Écrit par : jean-claude castiglioni | samedi, 12 décembre 2009
J'ai été second mécanicien sur le BANFORA du 3.1956 au 11.1956. Je suis intéressé par toutes photographies de manifs sur ce navire à cette époque.
jp.picone@orange.fr
Écrit par : PICONE Jean Pierre | lundi, 21 décembre 2009
Octobre 1955 Embarquement sur le Banfora à Dakar à destination de Cotonou. Aussitôt embauché aux cuisines et à la boucherie et invité à prendre les repas au poste d'équipage...le rêve d'un gamin de 20 ans. On me disait déja que c'était le dernier voyage,bpourtant lors d'un court séjour à Marseille en fin 57 j'avais retrouvé une connaissance en ville (dans un taxi) qui venait de quitter le Banfora où il était mécanicien. Il semble bien qu'il y eut des prolongation (j'étais EVDA et j'ai passé 21 mois au Dahomey à PARAKOU
Écrit par : Bertrand Guy | jeudi, 12 mai 2011
Bonjour,
En faisant des recherches sur des informations sur les navires sur lesquels le deuxième mari de ma grand-mère a commandé, je suis tombé sur ce blogue. Il s'appelait Jean-Baptiste Gonfard. Je ne l'ai malheureusement jamais connu car il est décédé avant que je naisse. Si vous avez des anecdoctes ou des histoires sur son compte ou sur la vie à bord, n'hésitez pas à me contacter. Je peux retrouver quelques photographies dans les affaires de ma grand-mère.
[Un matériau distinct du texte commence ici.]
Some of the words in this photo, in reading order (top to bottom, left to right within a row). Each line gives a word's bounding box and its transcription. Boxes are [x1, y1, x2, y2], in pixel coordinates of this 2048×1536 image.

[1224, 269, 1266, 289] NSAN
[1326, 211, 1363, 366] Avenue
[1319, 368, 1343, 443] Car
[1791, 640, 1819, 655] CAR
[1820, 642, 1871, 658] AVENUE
Écrit par : Xavier Vincent | jeudi, 01 septembre 2011
Vers 1955 j'étais sur le Banfora départ de Marseille pour Conakry
Écrit par : corazzini | samedi, 21 janvier 2012
J'ai voyagé à bord du Banfora pour me rendre en Afrique de l' Ouest où j'ai vécu de 1 à 19 ans. Les souvenirs de ces traversées sont impérissables. Je cherche à reconstituer avec mon frère et ma soeur les voyages de ce bateau entre les années 1940 et 1959. Un de mes souvenirs c'est une tempête dans le golfe du Lion et un mal de mer atroce mais c'est aussi les jeux les soirées et la boutique ou l'on pouvez acheter parfums et fanfreluches, ce sont les repas somptueux et la contemplation des mouvements de la mer avec le sillage du bateau. J'aimerais échanger des souvenirs. Est ce possible ? Une nostalgique de ce temps là car c'est toute ma jeunesse.
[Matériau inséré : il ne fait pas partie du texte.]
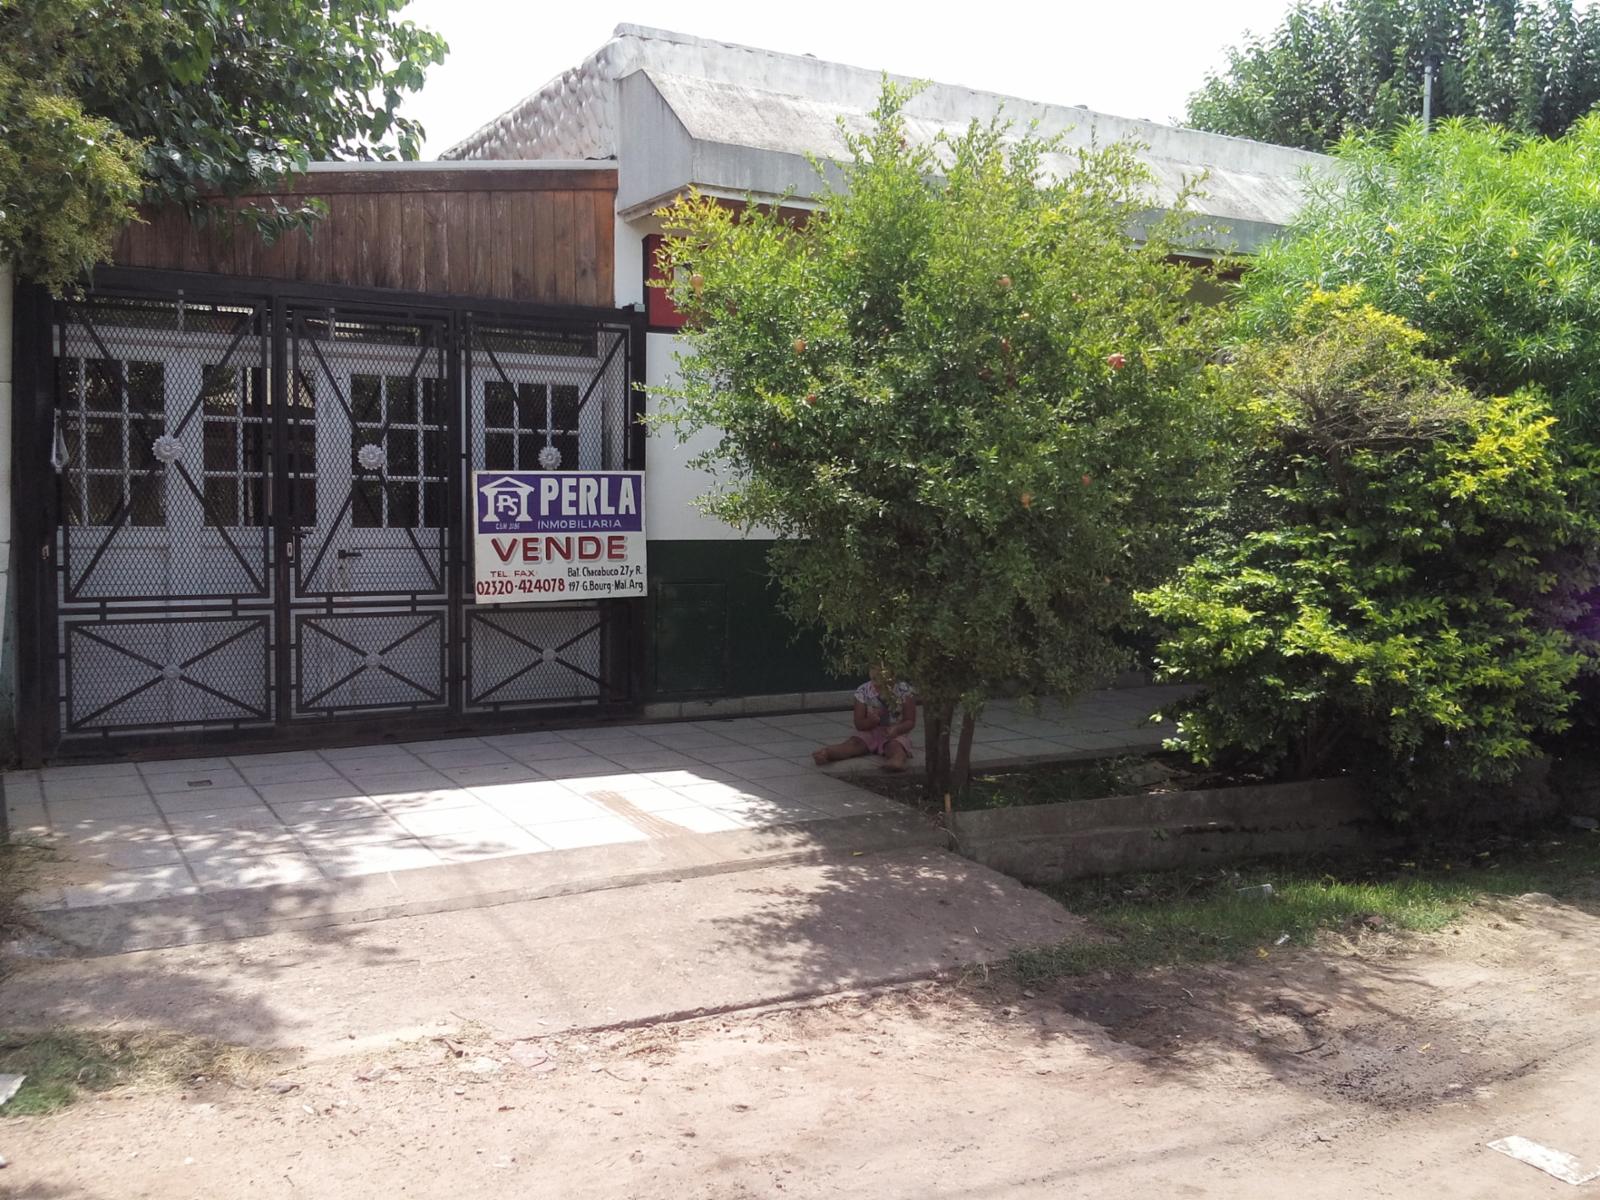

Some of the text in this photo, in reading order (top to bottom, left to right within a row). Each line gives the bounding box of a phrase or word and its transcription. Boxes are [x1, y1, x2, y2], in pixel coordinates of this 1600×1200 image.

Écrit par : Menard Claude Xavière | mardi, 14 février 2012
1955 ou 1956 ? Je ne sais plus, retour définitif vers la France, sur le Banfora!
Embarquement à bord des chaloupes au wharf de Lomé.
Descente et montée à bord dans les nacelles, par mer formée : la peur de ma vie!
La climatisation du bord et son odeur caractéristique, ces repas, ces goûters pour enfants, les jeux et les bruits , les odeurs et la sacro-sainte passerelle où officiaient les Dieux!
Quelle époque! J'ai encore quelques très pâles souvenirs. Notamment celui où ma mère jeta mon casque (colonial) au travers du hublot, sous prétexte que je n'en aurai plus besoin! Je ne me souviens pas avoir eu de plus grand chagrin depuis.
Les escales et leur folklore.
L'émotion m'étreint encore.
Je dois avoir une photo du bateau quelque part. Je la communique dès que je la retrouve.
Amitiés à vous !
Écrit par : Yves Romer | samedi, 02 mars 2013
Bonjour,
En 1941, avec mes parents, nous quittions Dakar pour rentrer en France après la tentative gaulliste avortée de débarquement. Nous voyagions à bord du Banfora. Au large de la Mauritanie, nous avons été arraisonnés par un corsaire anglais et détournés sur Freetown, où nous sommes restés 3 mois avant d'être rapatriés vers Casablanca par un navire portugais.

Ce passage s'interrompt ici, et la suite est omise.